Occurrence of complications was not significantly associated with the technique (piecemeal vs. en bloc mucosectomy) (p = 0.619), type of adenoma (ampullary vs. non-ampullary) (p = 0.078), or adenoma size (p = 0.873) (Table 3). Histology revealed adenomas harbouring low-grade dysplasia in 89.1% (tubular adenomas 76.1%, tubulovillous 13.0%); high-grade dysplasia in 4.6% (n = 2) of cases; no adenocarcinomas were found.

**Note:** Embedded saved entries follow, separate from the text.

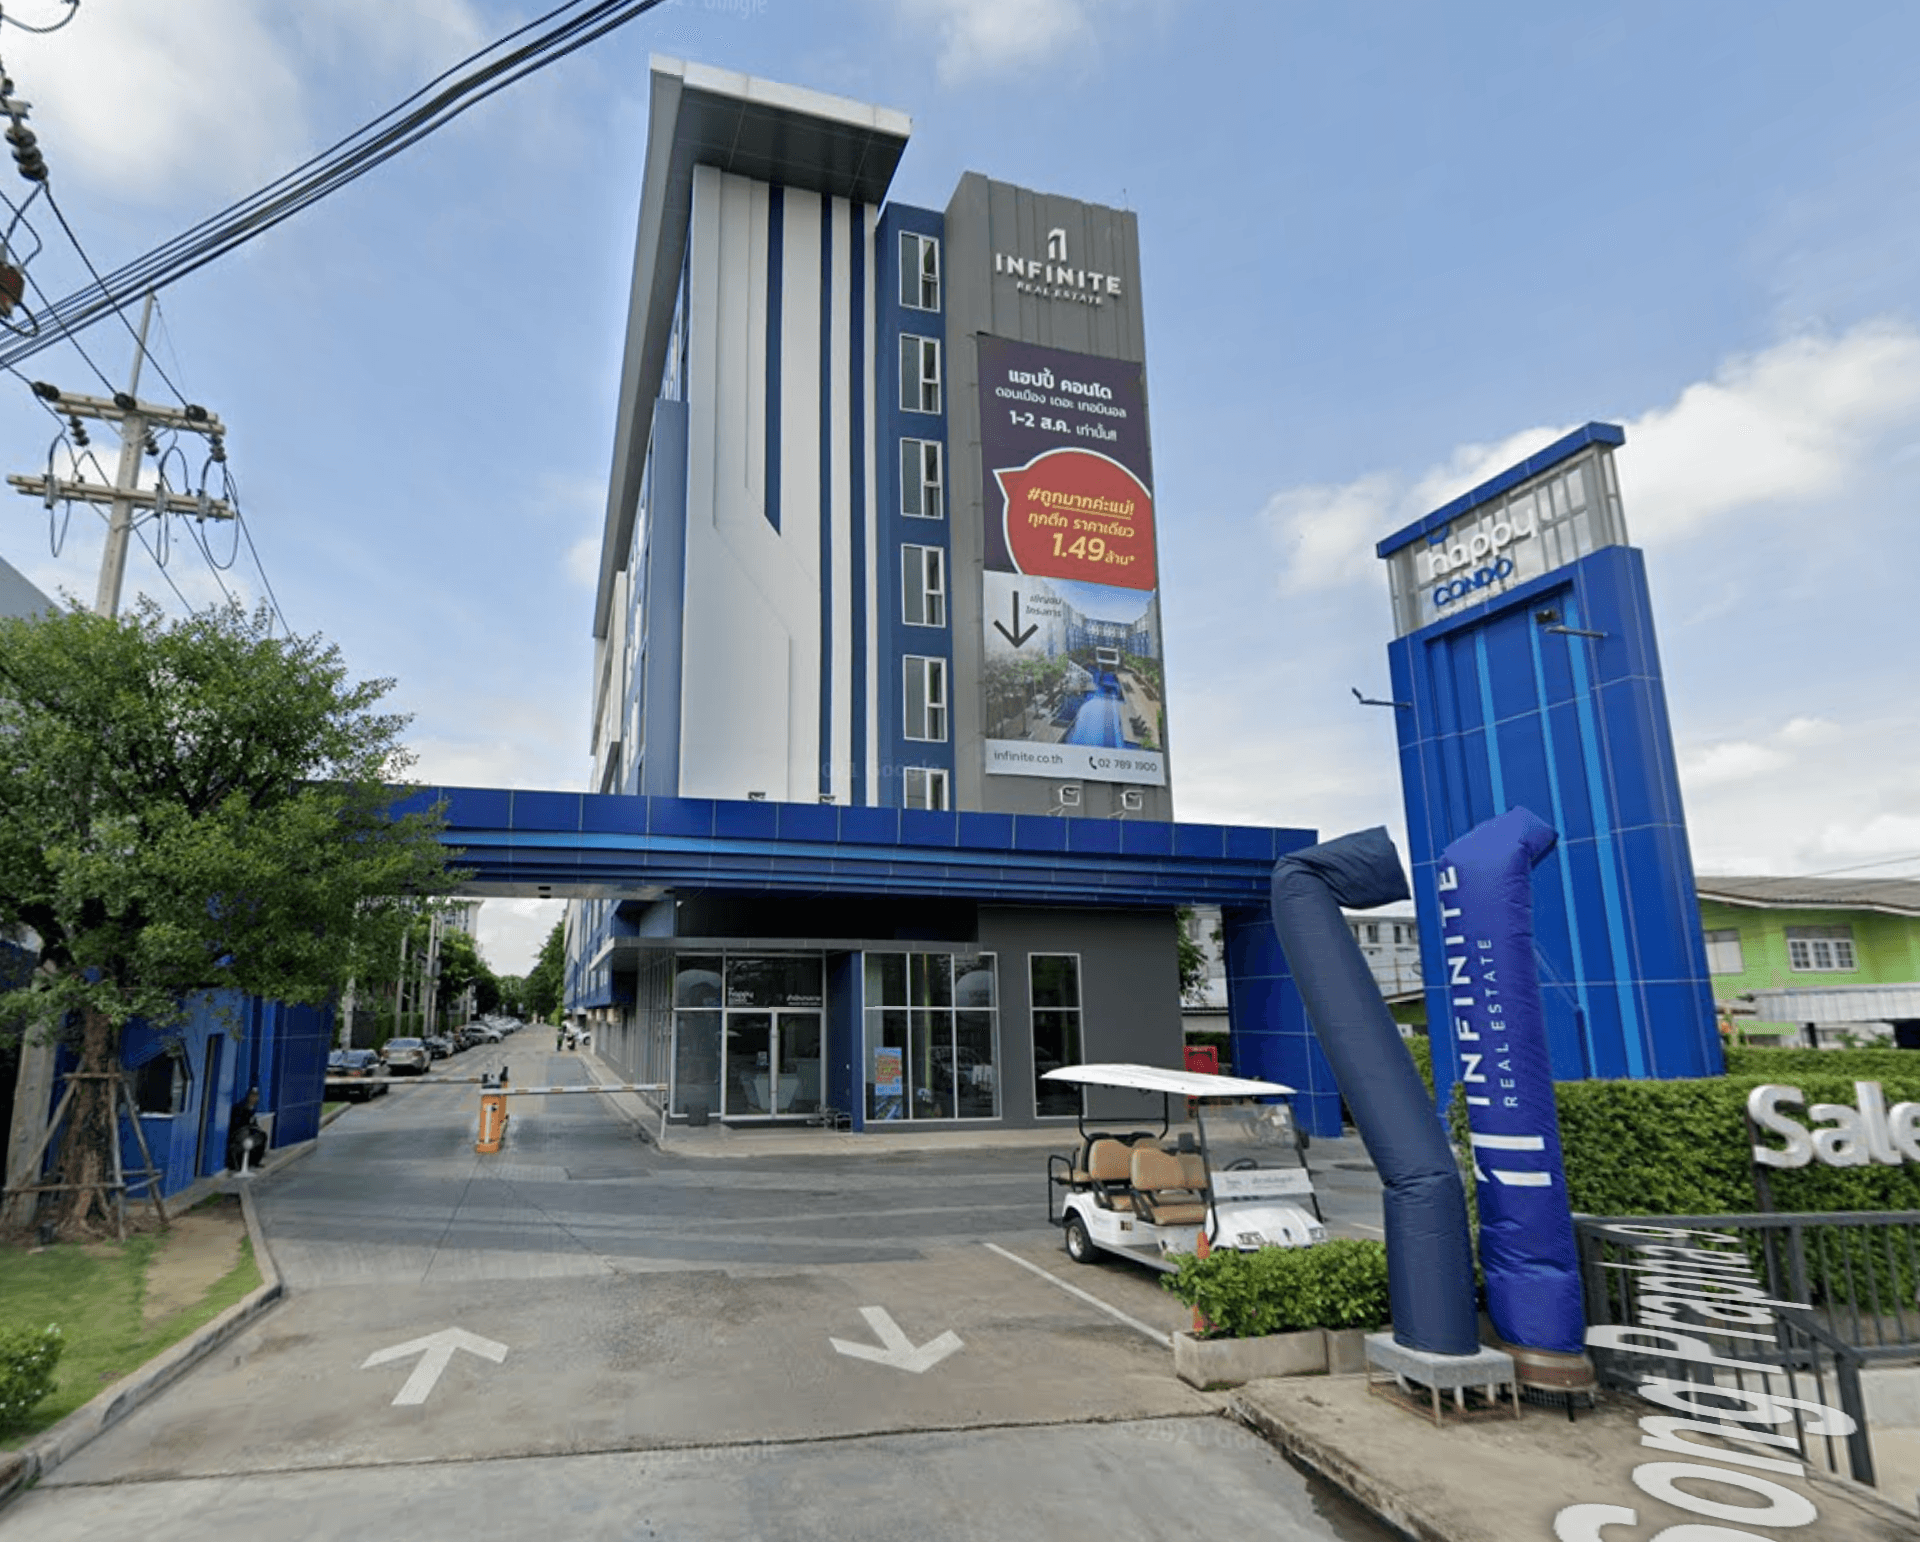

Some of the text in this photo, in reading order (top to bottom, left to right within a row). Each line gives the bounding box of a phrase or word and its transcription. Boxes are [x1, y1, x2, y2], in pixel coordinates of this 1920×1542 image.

[995, 252, 1122, 294] INFINITE
[1016, 280, 1104, 306] REAL ESTATE
[995, 386, 1047, 405] ดอนเมือง
[1060, 379, 1113, 400] คอนโด
[1009, 410, 1035, 428] 1-2
[1040, 416, 1071, 434] ส.ค.
[1073, 518, 1136, 538] ราคาเดียว
[1052, 532, 1106, 562] 1.49
[1428, 506, 1541, 580] happy
[1432, 557, 1514, 607] CONDO
[1097, 757, 1158, 773] 02 789 1900
[1437, 865, 1491, 1107] INFINITE
[1476, 938, 1519, 1109] REAL ESTATE

One patient underwent elective duodenopancreatectomy, which did not harbour duodenal cancer. This patient had Spiegelman stage IV disease with three large (>30 mm) lesions that were considered to have a high risk of recurrence/treatment failure after endoscopic resection - one involving the bulbus with a bulky sessile component, one in the transition to the second portion of the duodenum, and the other adjacent to the papilla, close to a fibrotic area of previous resections. All other patients remain under active surveillance.
Discussion
Adenomatous duodenal disease is a known morbidity factor in FAP patients. Endoscopic resection of DAs has a high success rate, with reported complete resections in 86-100% of the cases [16, 21, 31-33]. Even though reported recurrence rates are 10-37% [18, 31-33], the natural history of DAs in FAP patients makes it difficult to distinguish disease progression from local recurrence. In our series, most patients required 2 therapeutic endoscopies during follow-up, reflecting this characteristic.

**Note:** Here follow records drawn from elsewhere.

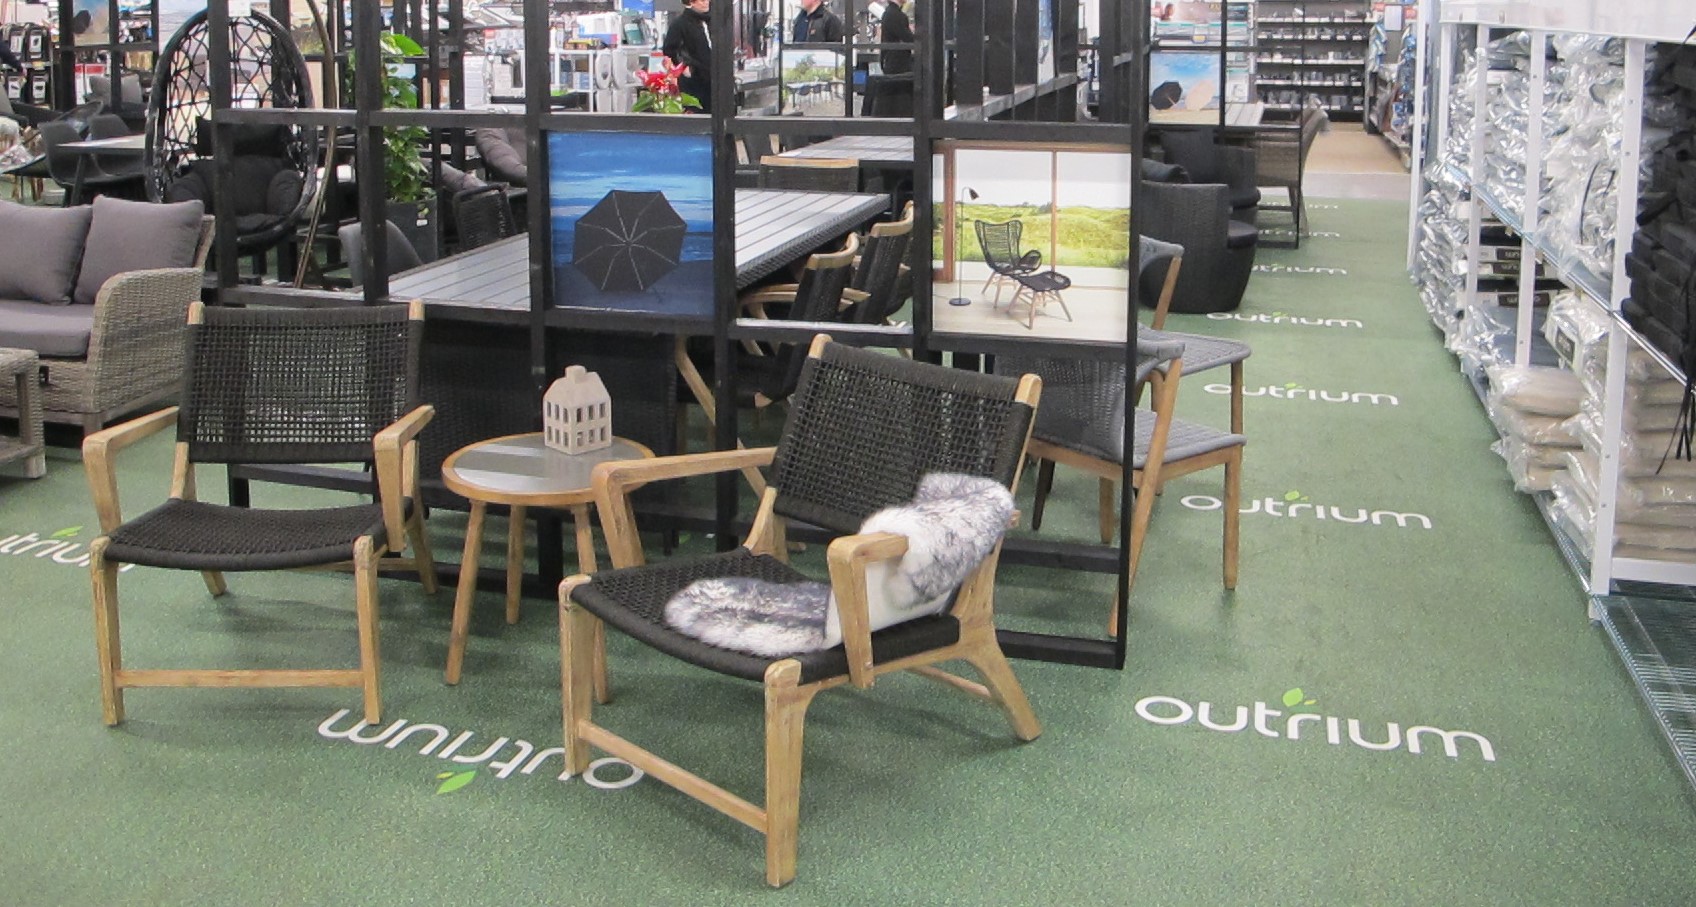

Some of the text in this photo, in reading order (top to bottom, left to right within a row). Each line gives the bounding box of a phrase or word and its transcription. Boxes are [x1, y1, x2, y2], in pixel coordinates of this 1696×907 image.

[1251, 264, 1348, 275] trium
[1206, 313, 1363, 329] outrium
[1203, 384, 1399, 408] outrium
[1180, 496, 1432, 530] outrium
[1135, 695, 1496, 762] outrium
[317, 708, 646, 790] outrium
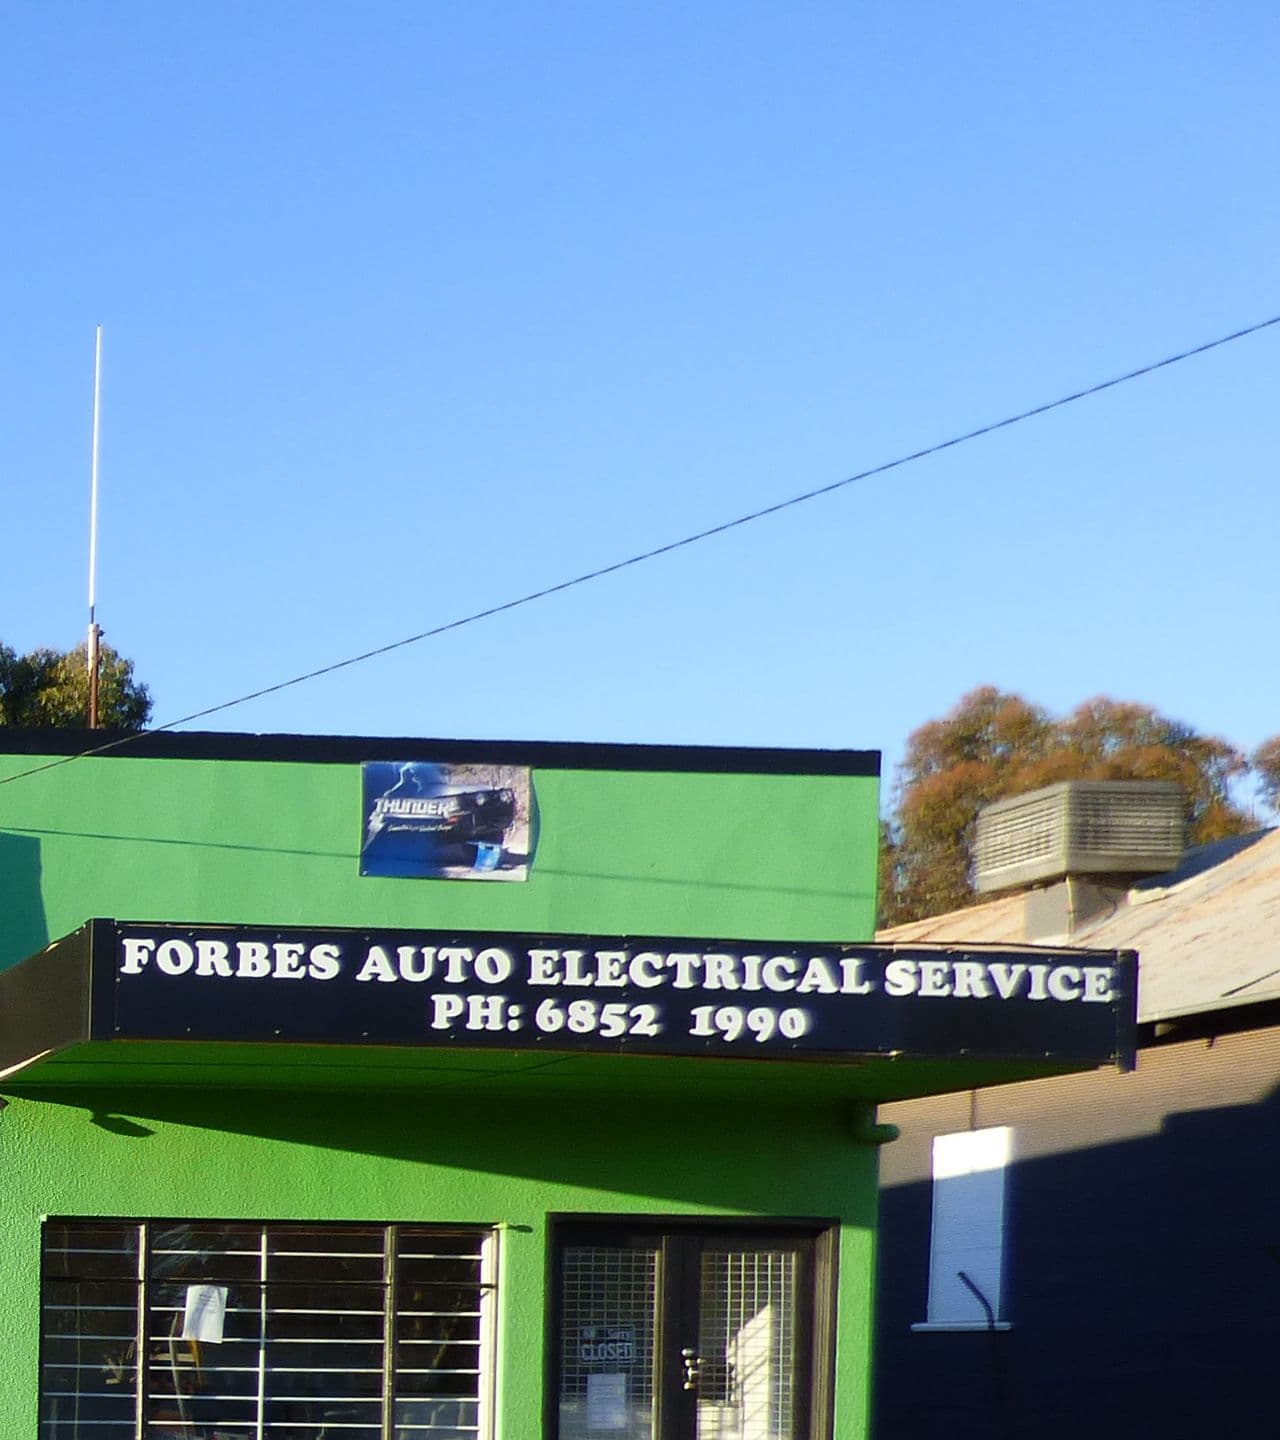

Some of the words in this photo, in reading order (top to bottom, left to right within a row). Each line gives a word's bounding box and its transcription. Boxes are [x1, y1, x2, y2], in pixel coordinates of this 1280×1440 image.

Endoscopic resection was a safe technique in our series, with an 8.0% complication rate, but with most cases amenable to conservative or endoscopic approaches. This rate is similar or even lower than that reported in other series, and it is also similar in terms of severity of the adverse events. As stated in the literature, most complications occurred after resection of ampullary adenomas, even though it did not reach statistical significance, probably due to our series’ small numbers. Particularly, acute pancreatitis occurred in 2 of 14 ampullary tumour resections despite pancreatic stent placement, in line with previous reports [18, 34-36]. Notably, intraprocedural bleeding rates were lower than expected from literature review [31, 32, 37].
The duodenum remains a challenging location for endoscopic therapy and mucosal resection is the first-line endoscopic resection technique for non-malignant large DAs [38, 39]. However, when EMR is not feasible and considering the risks associated with the surgical alternatives, endoscopic submucosal dissection can be considered by experienced endoscopists [39, 40]. In our series, duodenal surveillance started later than recommended in international guidelines since a significant number of patients were referred to our clinic only in adult age after a CRC diagnosis in the patient or in a family member.
There were no cases of duodenal cancer during follow-up, reflecting the effectiveness of endoscopic surveillance according to the Spigelman stage. Therefore, this work further strengthens current recommendations of DAs surveillance in FAP patients and legitimates the choice of endoscopic resection as the first-line treatment.